Experimental and Numerical Study of Liquid Metal Boiling as Simulation of Accidents in fast Reactor Core

Tech Area / Field

  • FIR-EXP/Experiments/Fission Reactors

3 Approved without Funding

Registration date

Leading Institute
FEI (IPPE), Russia, Kaluga reg., Obninsk


  • Tokyo Institute of Technology, Japan, Tokyo\nCEA / DRN / DER / CEN Cadarache, France, Cadarache\nENEA, Italy, Bologna

Project summary


Emergency standards of countries involved into the development and operation of nuclear power facilities of different purposes cooled by liquid metal coolants consider an onset of liquid metal boiling within reactor core as accident situation. Previously performed first experimental and numerical investigations into the liquid metal boiling in the pin bundles simulating fast reactor fuel subassembly shown that, under definite conditions, a stable heat removal from the structure to liquid metal can be observed without attainment of an accident, that improved reliability of nuclear power facilities.

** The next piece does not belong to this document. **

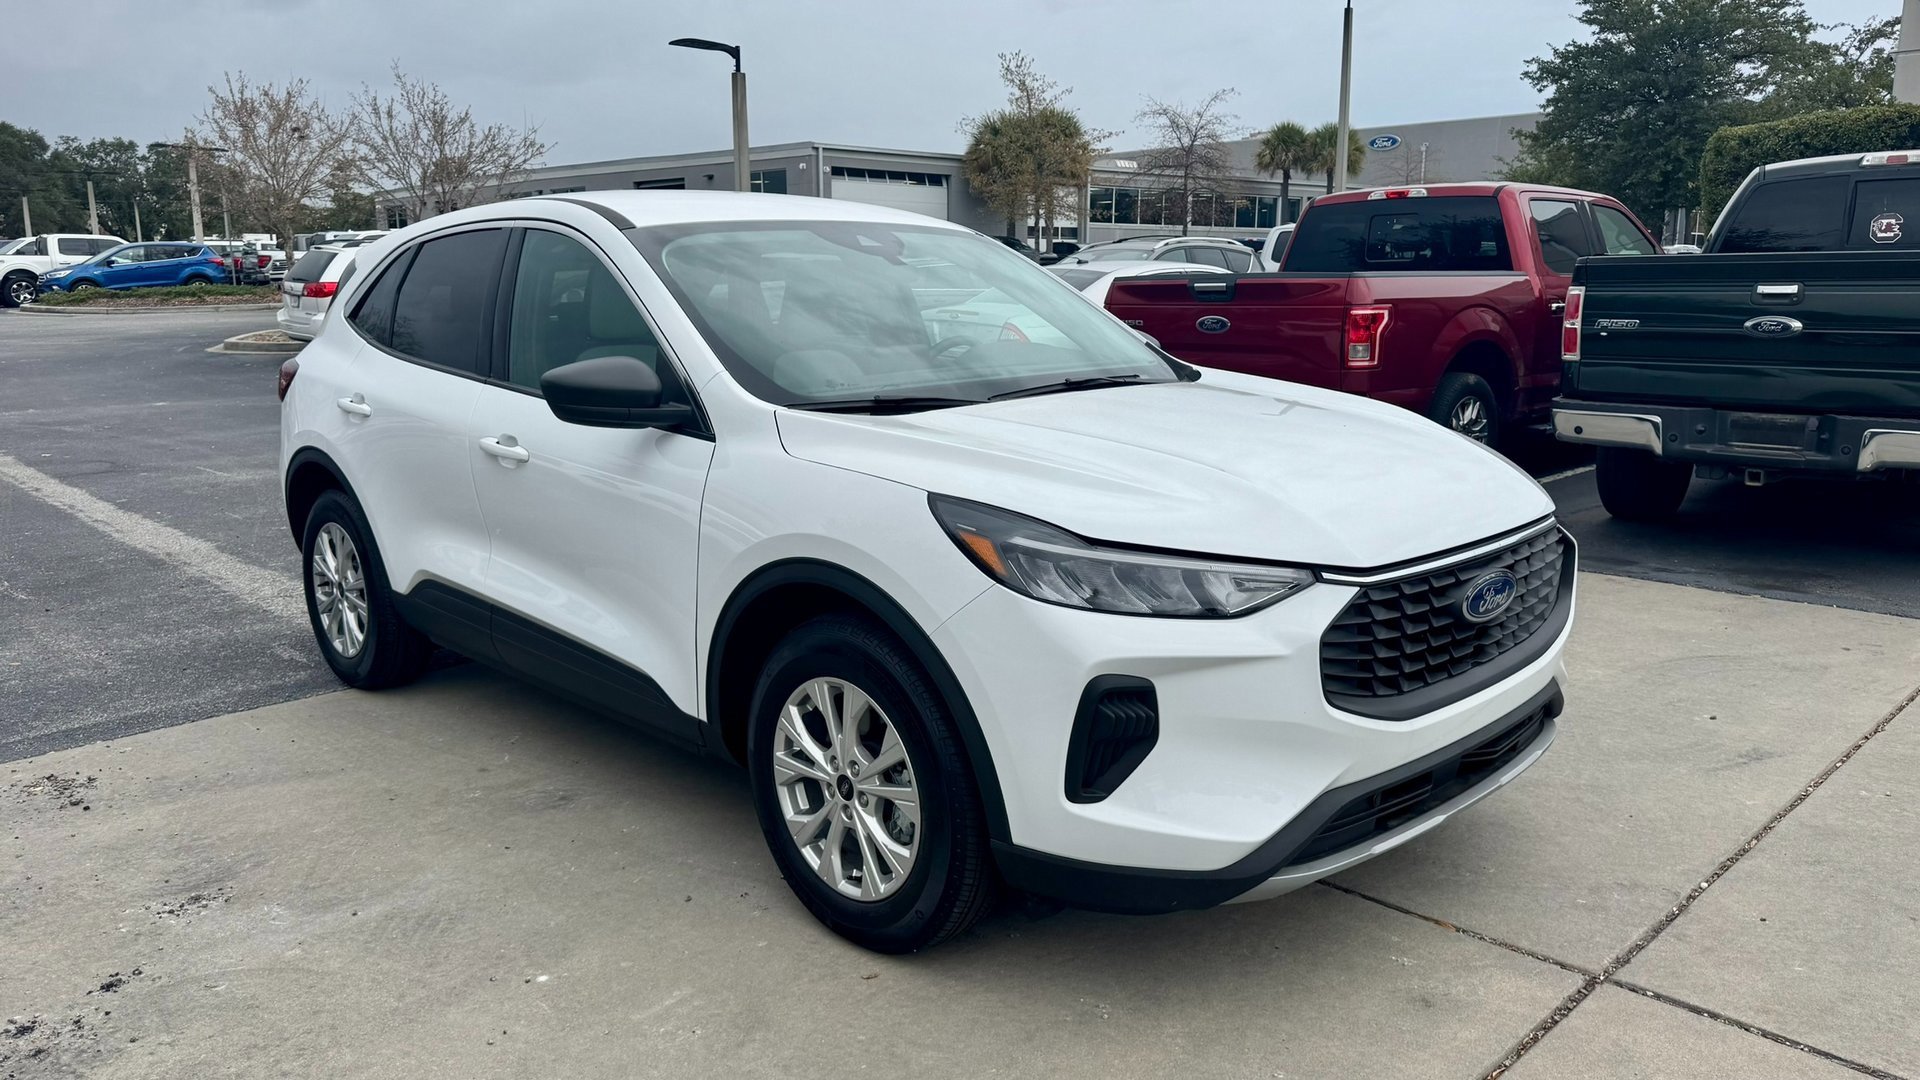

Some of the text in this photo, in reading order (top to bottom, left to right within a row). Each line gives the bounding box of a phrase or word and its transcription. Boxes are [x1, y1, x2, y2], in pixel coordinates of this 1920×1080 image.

[1374, 138, 1393, 148] Ford
[1203, 319, 1222, 329] Ford
[1757, 321, 1784, 331] Ford
[1479, 582, 1510, 613] Ford

The purpose of the project is to study an opportunity for stable heat removal in fast reactor core under low-flow conditions (simulating reduction of coolant flow rate or loss-of-flow accident, emergency heat removal) in case of boiling of liquid metal coolant; to develop reliable advanced prediction approaches, as well as to study detection techniques for liquid metal boiling and ways to delay heat transfer crisis due to using special means.

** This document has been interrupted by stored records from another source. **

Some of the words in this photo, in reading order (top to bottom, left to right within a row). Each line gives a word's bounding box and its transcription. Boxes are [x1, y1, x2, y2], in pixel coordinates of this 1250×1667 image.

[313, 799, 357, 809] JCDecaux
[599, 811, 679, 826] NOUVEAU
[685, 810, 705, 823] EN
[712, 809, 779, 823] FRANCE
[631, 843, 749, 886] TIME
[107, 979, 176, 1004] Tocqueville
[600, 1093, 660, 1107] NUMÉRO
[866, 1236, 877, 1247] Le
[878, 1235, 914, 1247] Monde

The final objectives of the suggested project are as follow:

· To define boundaries of steady boiling in view of influence of various factors (patterns of changes in power, flow rate, pressure, state of fuel pin surface, dimension of pin bundle, availability of parallel channels etc.);
· To study the following boiling characteristics: boundaries of boiling patterns; stability of coolant natural circulation in the contour containing one subassembly and system of parallel subassemblies; overheating needed for boiling onset; critical heat flux; characteristics of post dryout heat transfer;
· To give recommendations for setting a steady heat removal in fast reactor core in the event of liquid metal boiling;
· To develop an advanced prediction procedure and fast reactor core boiling thermohydraulic code;
· To have analysed numerically a thermal hydraulic characteristics of fast reactor core in the event of the boiling to occur under conditions of emergency heat removal.


Data on boundaries of steady heat removal in fast reactor core in the event of liquid metal boiling, advanced computer code developed to analyse thermohydraulic characteristics of fast reactor core in the event of liquid metal boiling, recommendations on using of detection means in liquid metal boiling , as well as on ways of delay of heat transfer crisis.


Research Laboratory for Nuclear Reactors at the Tokyo Institute of Technology can contribute to the project by simulating the experiments and by providing the computational results from two-fluid subchannel code for sodium boiling in a fuel subassembly. It can share the technical expertise gained during the code developments and validation. The code developmental efforts at the TIT are directed to the extending the analytical capabilities of sodium boiling two-phase flow to those of fuel pin disintegration including the cladding/fuel melting.